Fresh Document Reveals How Ministry Of Humanitarian Affairs And Poverty Alleviation Disbursed ₦2.6billion To Five Contractors For Procurement, Packaging, And Distribution Of COVID-19 Palliatives Across Kano, Zamfara, And Abia States With No Evidence Of Implementation 

Secrets Reporters

A tempest of financial mismanagement has erupted at the Federal Ministry of Humanitarian Affairs and Poverty Alleviation, with the eye of the storm swirling around an eye-watering sum of ₦2.6 billion. 

The recently released audit findings have cast a damning shadow over the ministry’s handling of the National Home-Grown School Feeding Programme (NHGSFP) during the COVID-19 pandemic, raising concerns over payments made for ghost projects that never saw the light of day.

According to Paragraph 415 of the 2009 Financial Regulations, “money must not be spent merely because it has been voted”—a maxim seemingly ignored. Paragraph 708 further stipulates that “no payment should be made for services not yet performed or goods not yet supplied.” Yet, the audit uncovered six payments amounting to ₦2,617,090,786.00 disbursed to five contractors for the procurement, packaging, and distribution of COVID-19 palliatives across Kano, Zamfara, and Abia States—services for which no evidence of implementation exists.

The breakdown of these shadowy transactions paints a grim picture. Four payment vouchers worth ₦2.08 billion were directed to three contractors for Kano State, while Zamfara and Abia States received ₦223.2 million and ₦315.4 million, respectively. 

Despite the hefty payouts, auditors found no tangible evidence to show that the funds translated into any meaningful interventions on the ground. The palliatives, it seems, vanished into thin air, leaving the intended beneficiaries stranded amid the chaos of the pandemic.

The revelations have triggered alarm bells about the potential diversion of public funds. With the payments unaccounted for, the situation reeks of financial impropriety, putting the ministry in a precarious position. The specter of paying for services not rendered hovers ominously over the findings, threatening to erode public trust in the government’s ability to manage funds intended for the nation’s most vulnerable.

In its defense, the ministry attributed the non-implementation of the programme to the “chaotic situation in the country during COVID-19.” A test run of the school feeding initiative in the Federal Capital Territory (FCT), they claim, was met with “public outcry and disdain,” leading to its suspension in other states. However, the audit report found this explanation wanting, deeming it inadequate to justify the massive financial outflows without results.

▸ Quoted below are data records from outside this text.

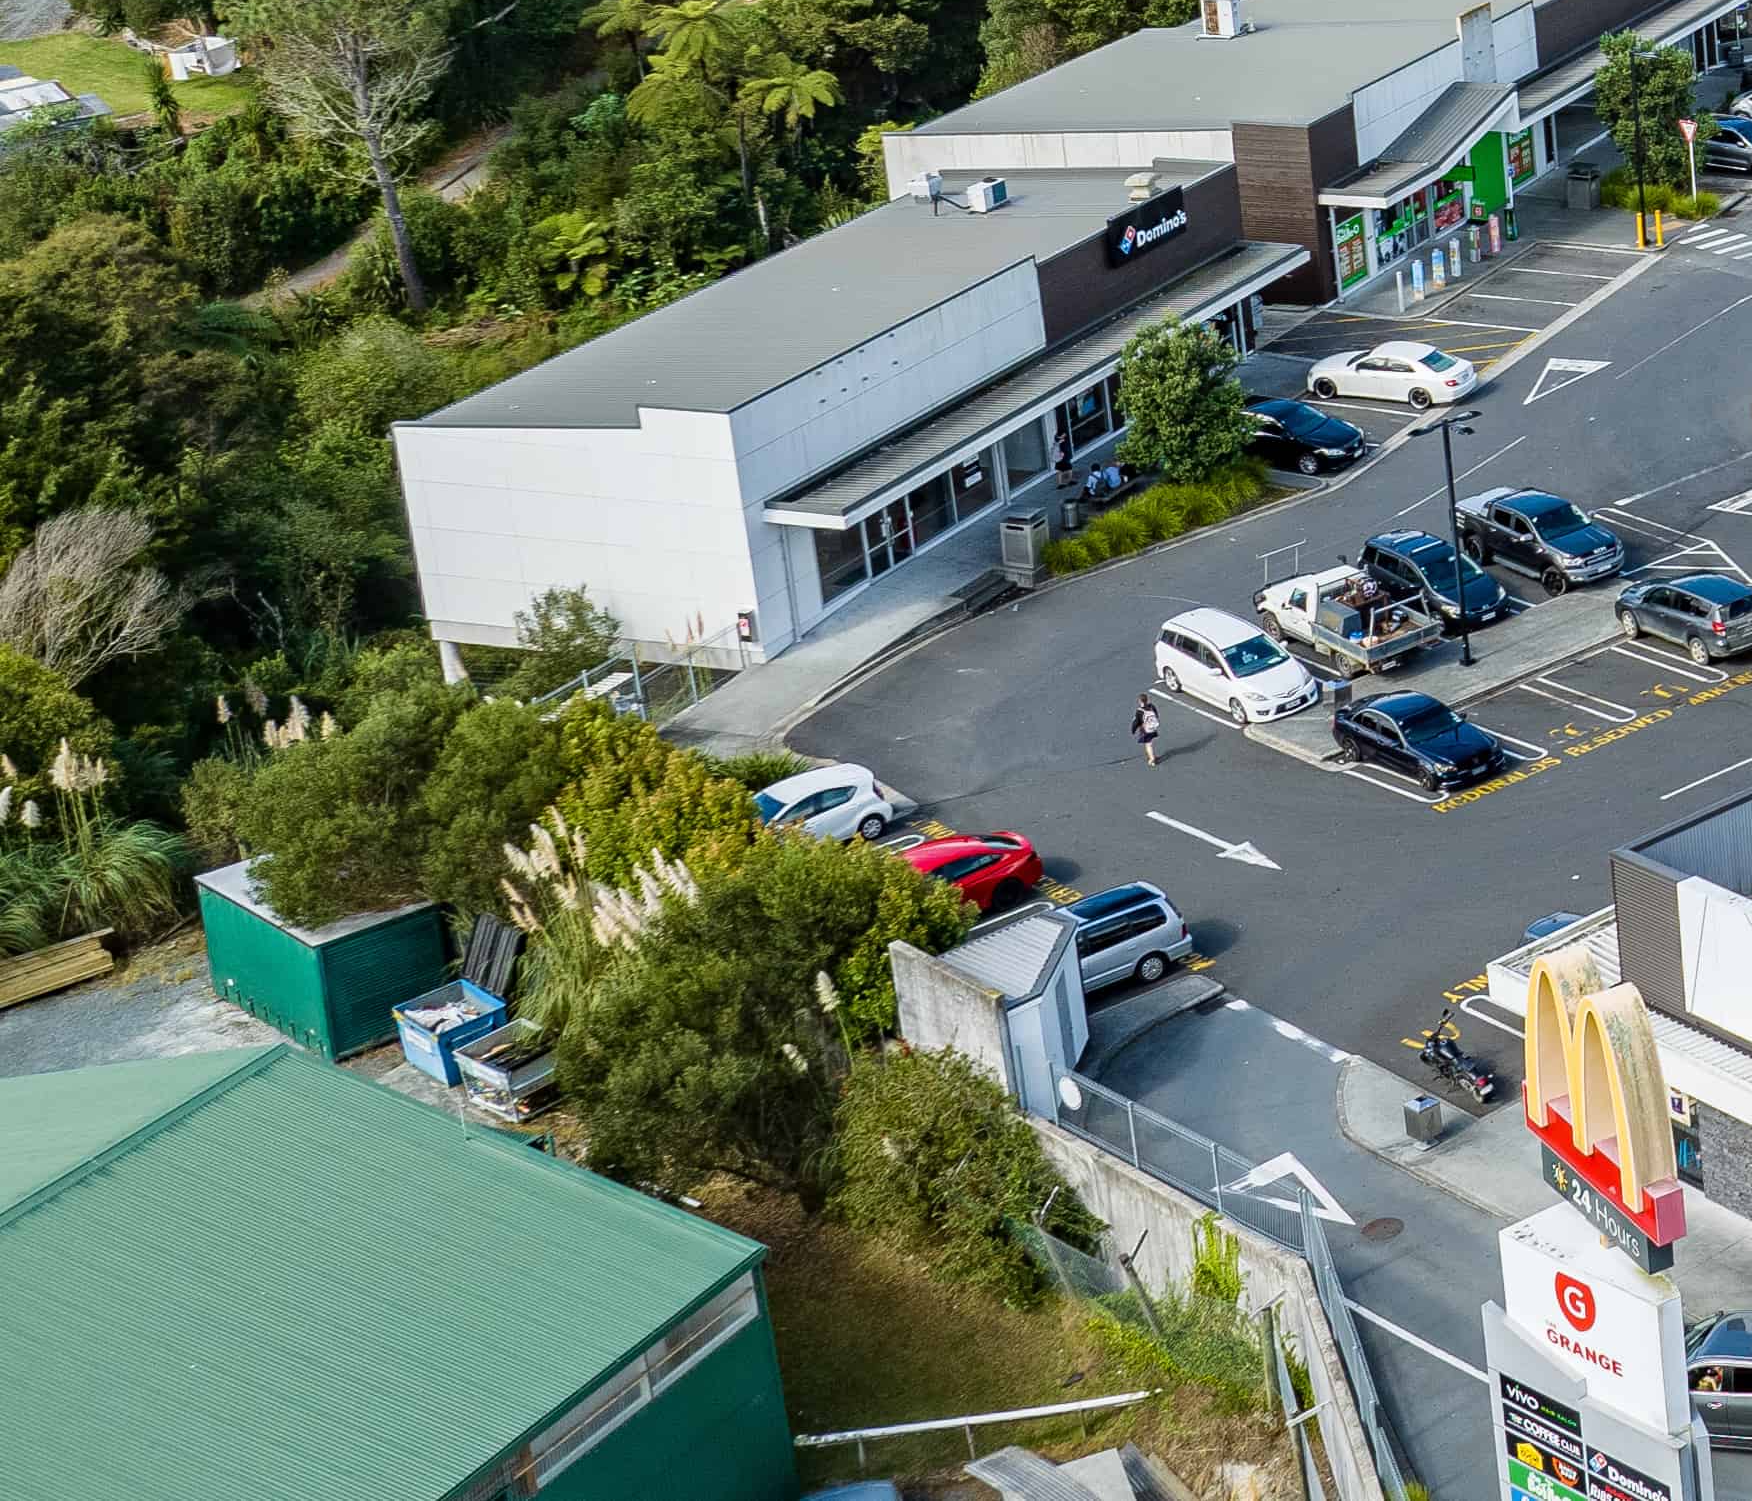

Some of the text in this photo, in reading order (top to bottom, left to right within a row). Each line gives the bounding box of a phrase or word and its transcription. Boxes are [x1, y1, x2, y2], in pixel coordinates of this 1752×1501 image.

[1136, 209, 1187, 248] Domino's
[1572, 1180, 1641, 1259] 24 Hours
[1546, 1328, 1624, 1378] GRANGE
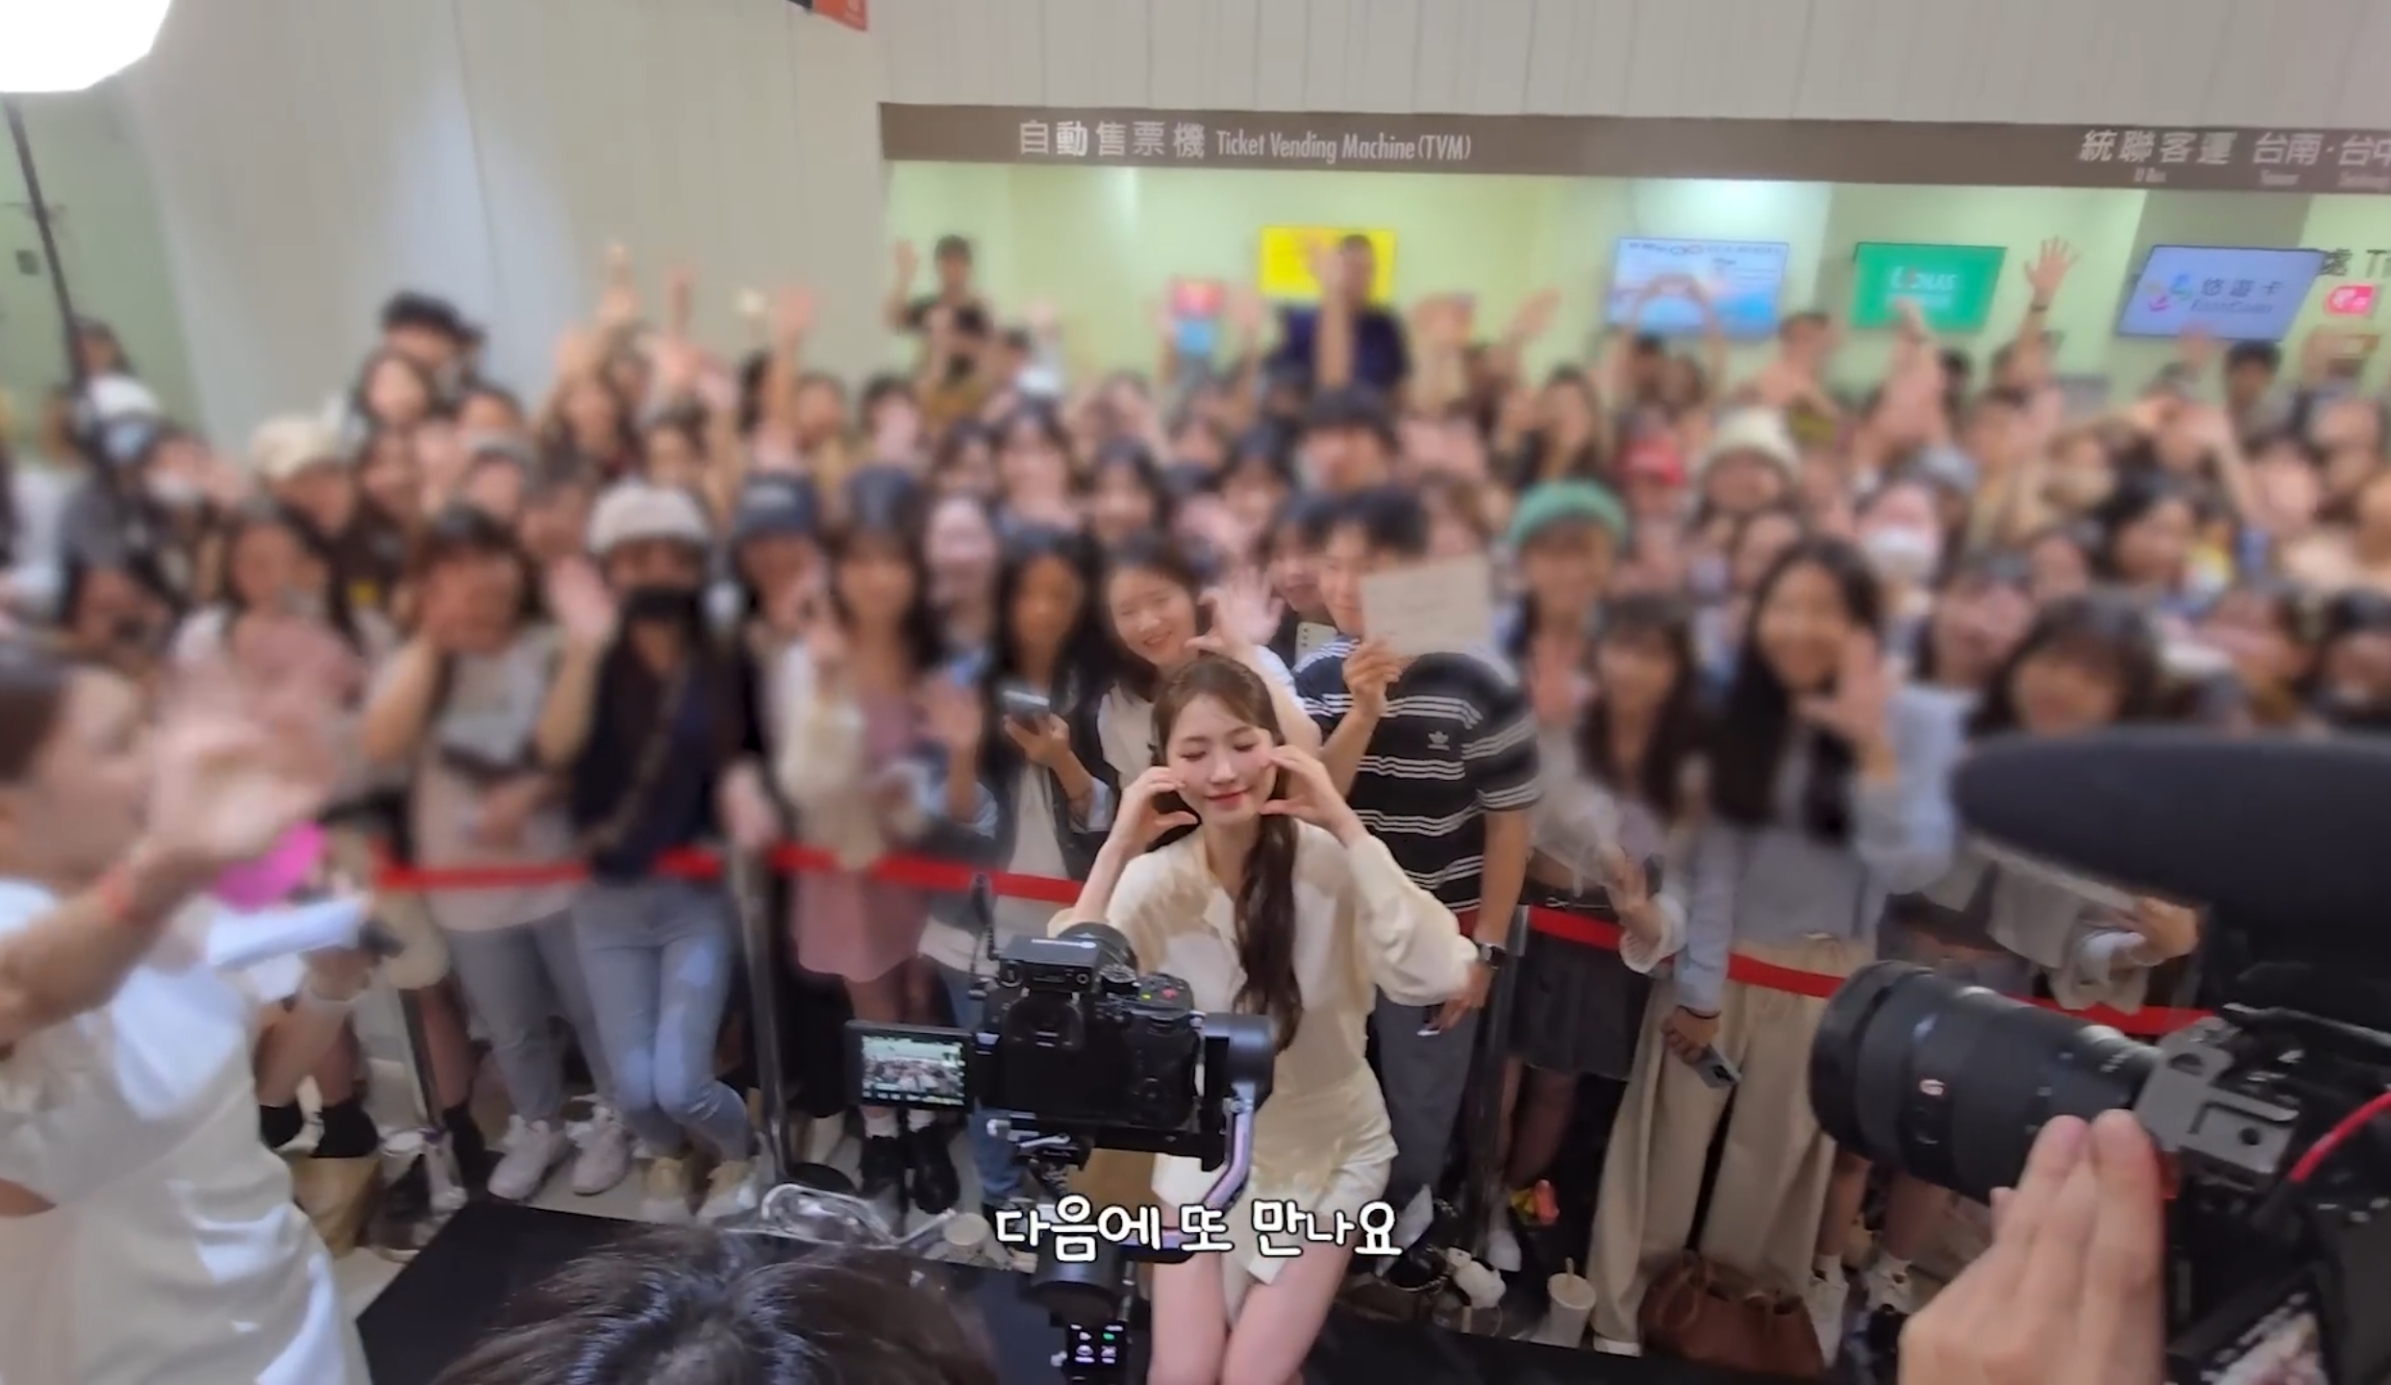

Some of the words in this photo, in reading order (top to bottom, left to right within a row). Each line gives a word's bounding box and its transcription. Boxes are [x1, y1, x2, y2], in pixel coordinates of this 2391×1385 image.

[1019, 119, 1205, 158] 自動售票機
[1216, 129, 1266, 156] Ticket
[1270, 131, 1337, 164] Vending
[1341, 132, 1415, 159] Machine
[1418, 135, 1472, 160] (TVM)

The auditors were unyielding in their stance, maintaining that the payments, until proven otherwise, represent a glaring breach of financial regulations. The report recommended that the Permanent Secretary of the ministry be called to account for the ₦2.6 billion before the Public Accounts Committees of the National Assembly. Furthermore, the funds must either be recovered and remitted to the Treasury or those responsible sanctioned under Paragraphs 3104 and 3115 of the Financial Regulations.

Observers have likened the payments to feeding phantom mouths, a cruel irony for a programme aimed at putting meals on real tables.